• **WHAT YOU WILL DO**: The answer should be the records below, word for word, with every image left out.

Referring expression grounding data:
Start of Block
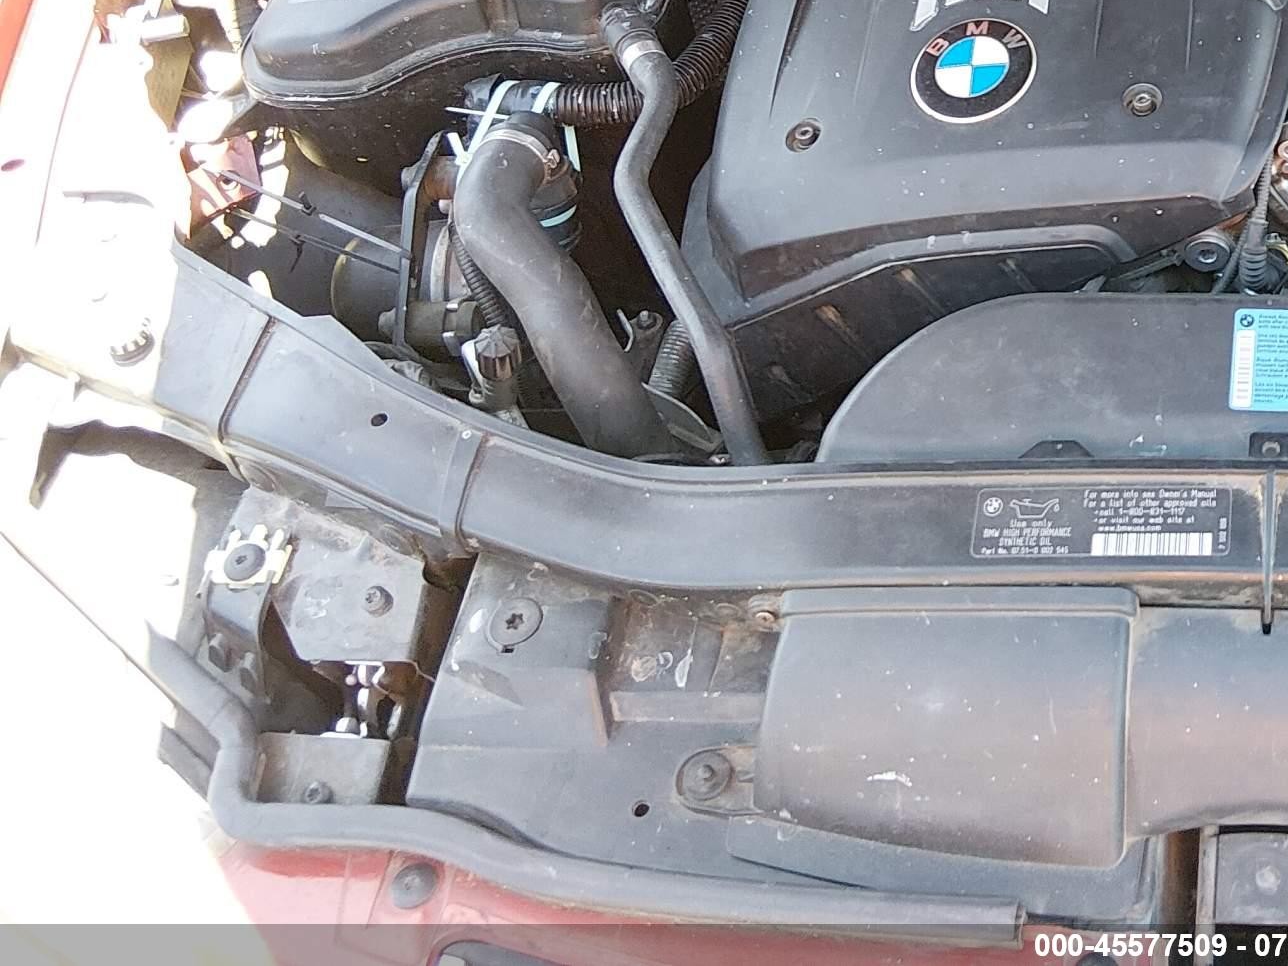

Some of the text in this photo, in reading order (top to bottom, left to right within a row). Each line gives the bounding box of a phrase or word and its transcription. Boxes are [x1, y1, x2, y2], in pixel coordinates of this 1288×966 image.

[926, 21, 1027, 56] BMW
[1124, 490, 1138, 498] info
[1191, 489, 1216, 498] Manual
[1127, 499, 1136, 508] of
[1164, 499, 1197, 508] approved
[1032, 519, 1053, 527] only
[983, 528, 1000, 538] BMW
[1023, 527, 1071, 536] PERFORMANCE
[999, 537, 1051, 546] SYNTHETIC OIL
End of Block
• **WRITTEN ANSWER**:
Some of the text in this photo, in reading order (top to bottom, left to right within a row). Each line gives the bounding box of a phrase or word and its transcription. Boxes are [x1, y1, x2, y2], in pixel coordinates of this 1288×966 image.

[926, 21, 1027, 56] BMW
[1124, 490, 1138, 498] info
[1191, 489, 1216, 498] Manual
[1127, 499, 1136, 508] of
[1164, 499, 1197, 508] approved
[1032, 519, 1053, 527] only
[983, 528, 1000, 538] BMW
[1023, 527, 1071, 536] PERFORMANCE
[999, 537, 1051, 546] SYNTHETIC OIL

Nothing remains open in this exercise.